I started to find Thoreau too pious and picked up Carlos Castaneda’s The Teachings of Don Juan – A Yaqui Way of Knowledge in the Oxfam bookshop on Kentish Town High Road. It’s the kind of book you expect to find in the fag end of Camden – no doubt originally purchased in the early 1970s when Castaneda’s tales of ancient Mexican Indian wisdom gained by getting whacked on hallucinogenic plants was all the rage. I imagined it at the centre of a weekly discussion group held in a basement flat in Patshull Road, hosted by a sociology teacher at the Polytechnic of North London, where they experimented with jimson weed purchased from a roadside shaman outside the Camden Roundhouse.
My friend and fellow-traveller Nick Papadimitriou, a man steeped in both plant lore and roadside shamanism, once told me that thorn apple plants found on the Thames marshes contain a powerful hallucinogenic toxin in their spiky pods. The eastern flood plains would be the ideal place for an urban mystic to dwell.
In an attempt to engage with a more local form of ancient wisdom I picked up a copy of The 21 Lessons of Merlin – A Study in Druid Magic and Lore by Douglas Monroe. I learnt the Rite of Three Rays to potentially perform in Abbey Woods, where the godfather of modern Druidry, William Stukeley, had led the initial excavations of Lesnes Abbey. After passing Stukeley’s grave at East Ham I felt that perhaps I owed him some sort of tangible tribute.
Just the thought of doing this walk was becoming a mind-altering experience. I needed to get out there on the road to Erith Pier before I stopped existing as a viable human being and fully transformed into the living cliché of a man not coping with entering his forties. My long, straggly hair was bad enough; if I started talking about tripping and mysticism a vortex could appear at any moment and I would disappear completely into my own rectum.
I left home uncharacteristically early, keen to give myself time to explore Woolwich before pushing on into the wilderness.
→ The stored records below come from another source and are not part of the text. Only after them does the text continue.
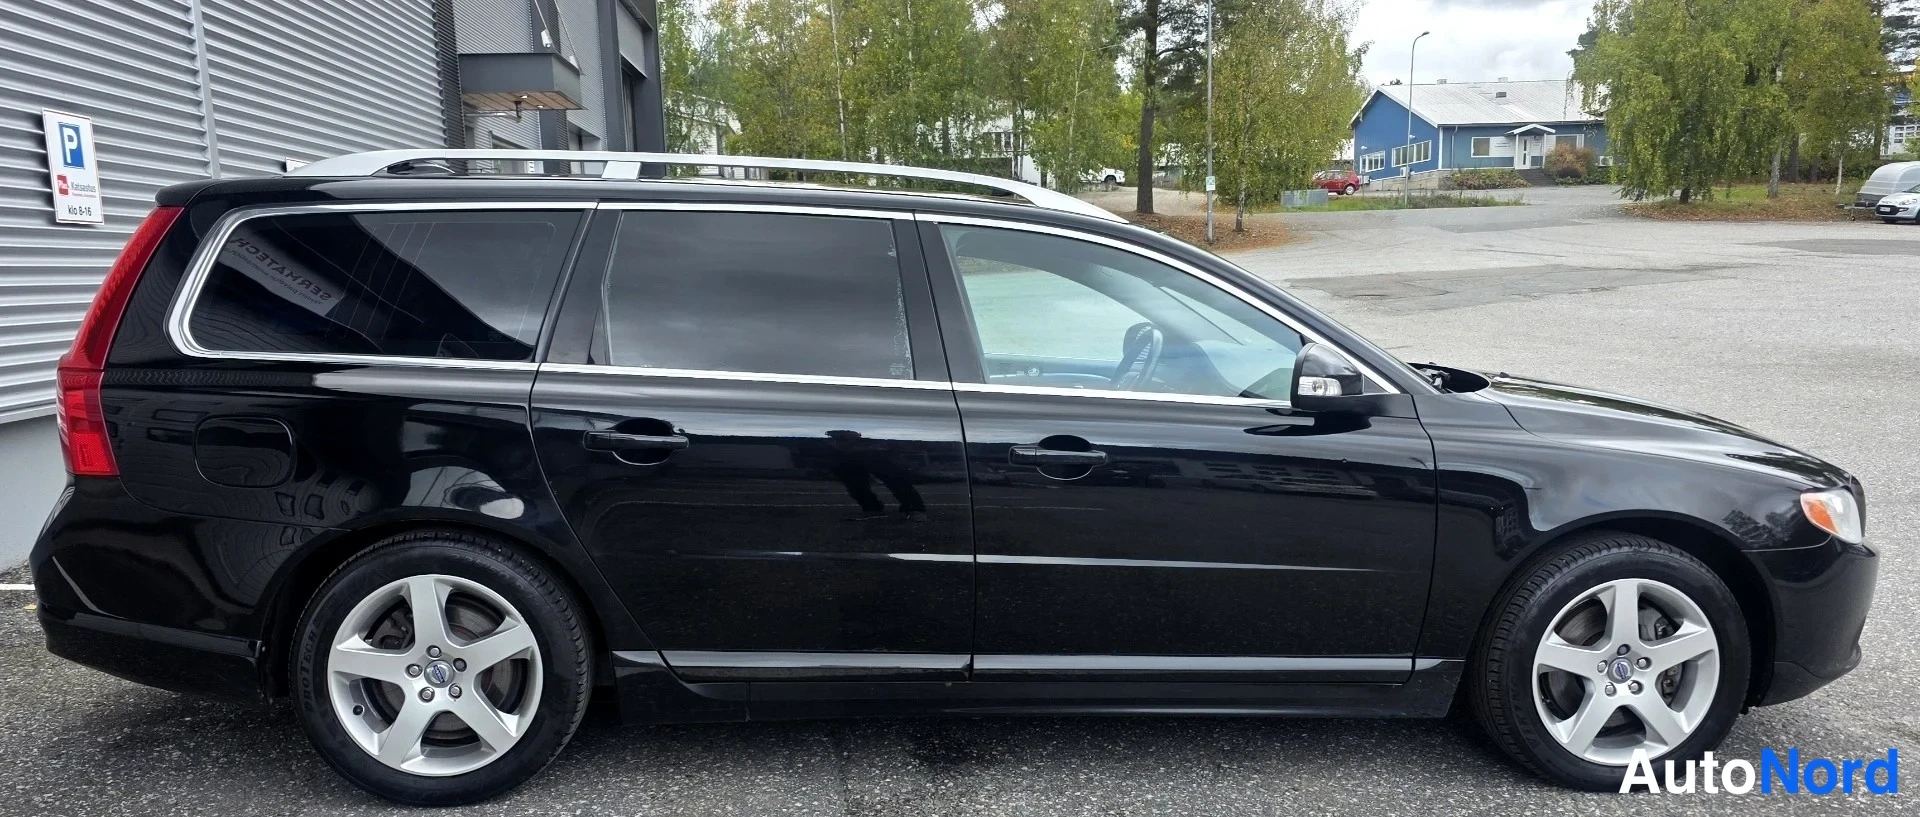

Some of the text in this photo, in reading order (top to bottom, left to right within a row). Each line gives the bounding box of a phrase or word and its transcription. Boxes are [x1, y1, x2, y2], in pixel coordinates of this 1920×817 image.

[62, 126, 78, 164] P
[68, 205, 92, 216] klo 8-16
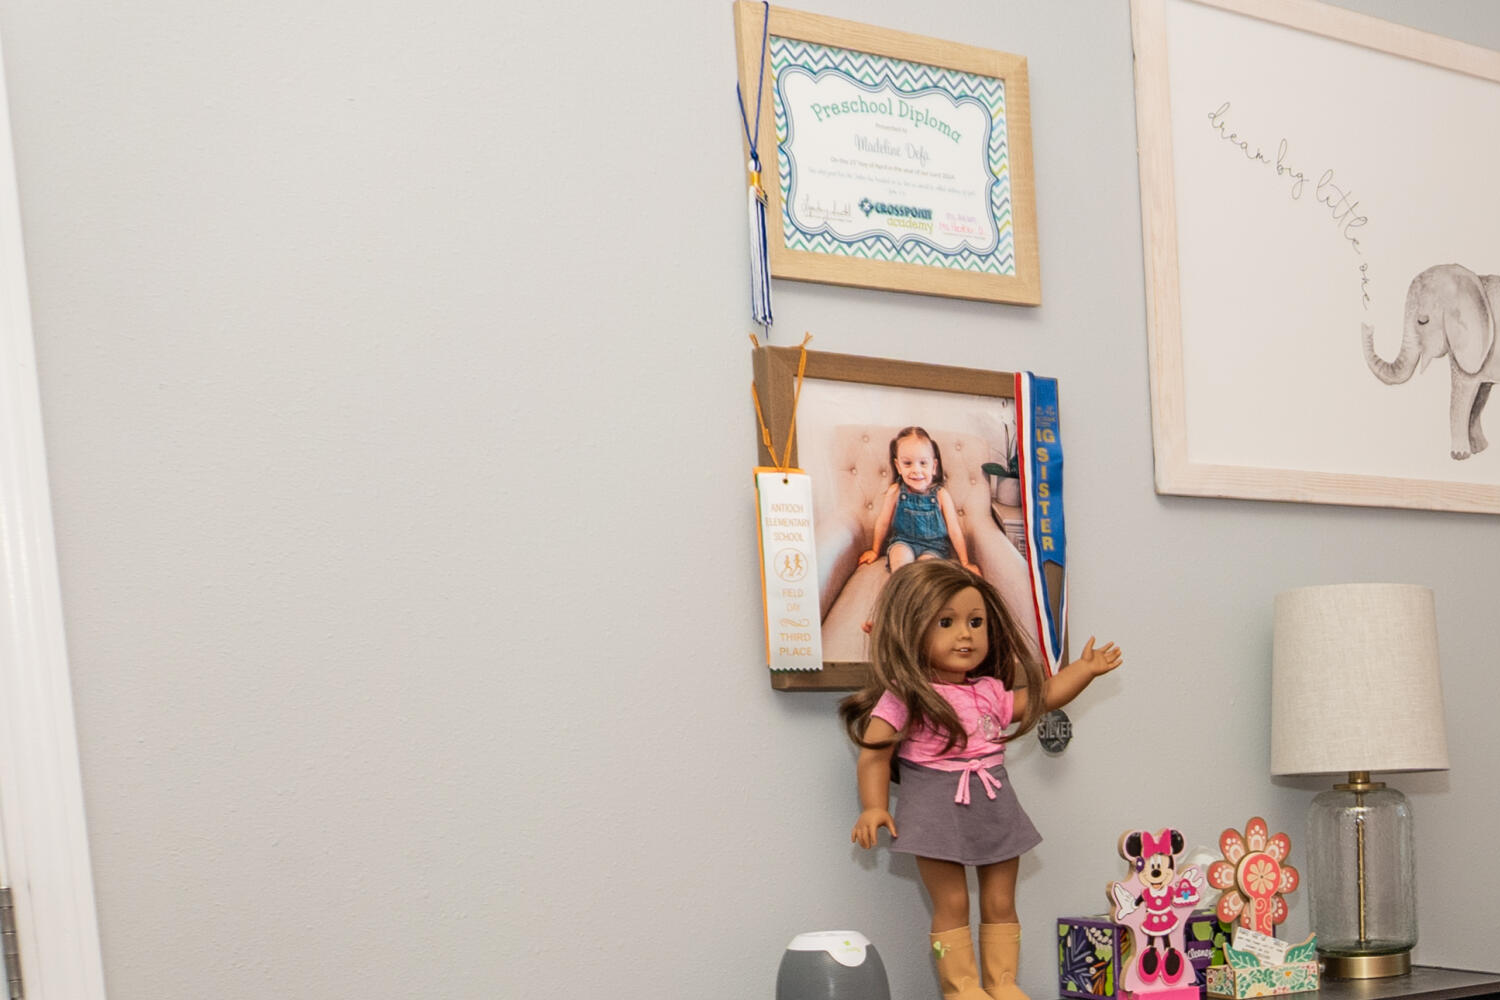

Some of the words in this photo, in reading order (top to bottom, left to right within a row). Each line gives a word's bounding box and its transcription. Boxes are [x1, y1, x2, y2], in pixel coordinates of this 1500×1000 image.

[810, 95, 893, 122] Preschool
[898, 100, 961, 144] Diploma
[1208, 102, 1271, 165] dream
[1276, 138, 1310, 200] big
[1316, 169, 1368, 254] little
[1359, 263, 1370, 311] one
[887, 217, 934, 234] academy
[1035, 427, 1056, 443] IG
[1036, 447, 1055, 552] SISTER
[771, 503, 804, 513] ANTIOCH
[765, 518, 810, 527] ELEMENTARY
[773, 531, 805, 542] SCHOOL
[782, 589, 803, 598] FIELD
[779, 632, 811, 642] THIRD
[779, 647, 812, 656] PLACE
[1037, 721, 1073, 738] SILVER
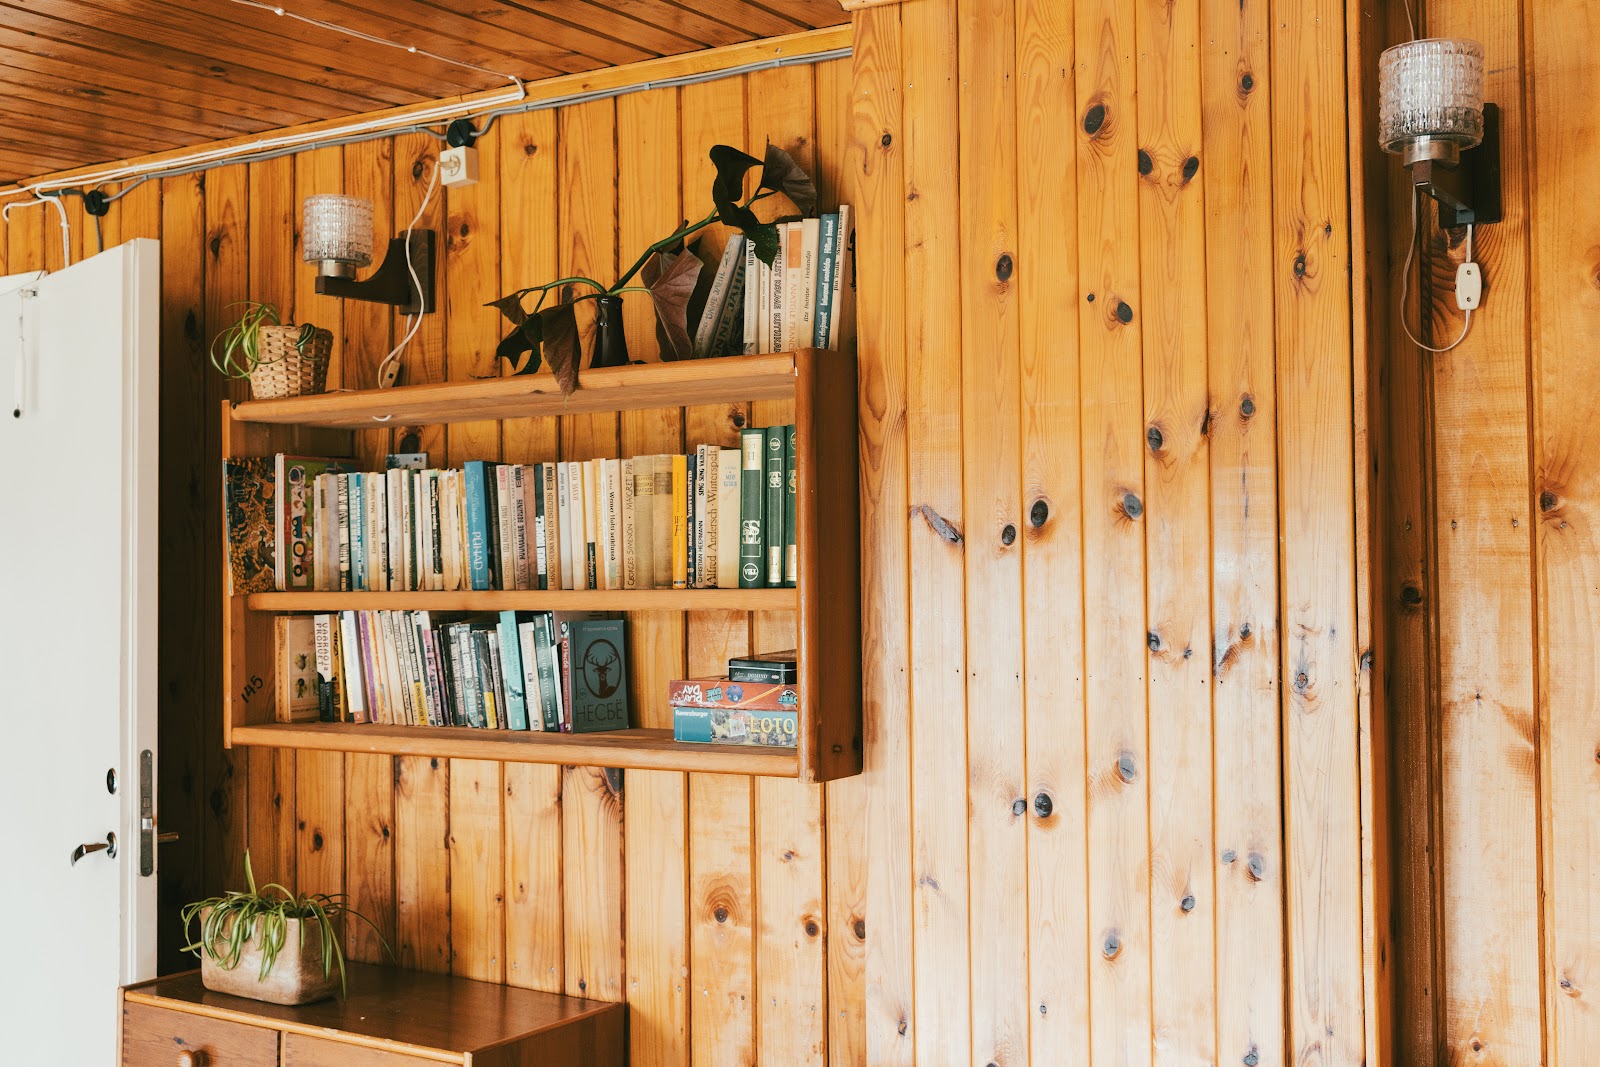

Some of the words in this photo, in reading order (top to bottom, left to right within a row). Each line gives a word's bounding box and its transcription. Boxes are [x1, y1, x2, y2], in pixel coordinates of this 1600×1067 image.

[789, 283, 797, 318] ANATOLE
[788, 321, 797, 353] FRANCE
[707, 450, 719, 502] Winterspelt
[707, 508, 717, 552] Andersch
[472, 531, 483, 570] PÜHAD
[707, 555, 717, 586] Alfred
[316, 622, 324, 666] PROHVET
[683, 684, 701, 695] DAY
[683, 691, 703, 703] PLAY
[576, 699, 623, 723] НЕСБЁ
[675, 709, 709, 718] Ravensburger
[750, 717, 795, 734] LOTO
My nine-year-old son was still slumbering in the top bunk whilst my seven-year-old was immersed in an alternative reality via the Xbox. He barely registers my final preparations as I give him a kiss on the head and he mows down several onrushing zombies with a machine gun.
It took a mere fifteen minutes on the DLR from Stratford to retrace the walk I’d done down to North Woolwich. It’s a surreal journey, floating through the air past the giant golden syrup tin of the Tate & Lyle factory at Silvertown, gliding past the mothballed Pleasure Garden that didn’t even make it through the first Olympic fortnight to the Paralympics before it went into administration, and then past cable cars drifting over industrial land between the Millennium Dome and the Excel Centre. The thirty seconds of video that captured this on my compact camera would need a soundtrack borrowed from a dodgy 1980s sci-fi TV series, or the sound of the wind that I once recorded blowing down the neck of a milk bottle on the beach near Tilbury Power Station.
North Woolwich is a windswept relic, left behind by the big-money redevelopments that have swallowed up the surrounding docks. Heavy trucks thunder through, heading for the free ferry service that I’ll travel on as a foot passenger. The only other pedestrians lining up to make the journey are a family. The young boys are excited, asking their mum and gran how long they’ll have to wait. All the old accounts I’ve read of the Woolwich Ferry report that the boats played host to scores of local lads who spent their summer days and weekends travelling back and forth, enjoying the free ride and the passing slideshow of river traffic. The only other moving vessel I see today is the ferry service heading in the opposite direction.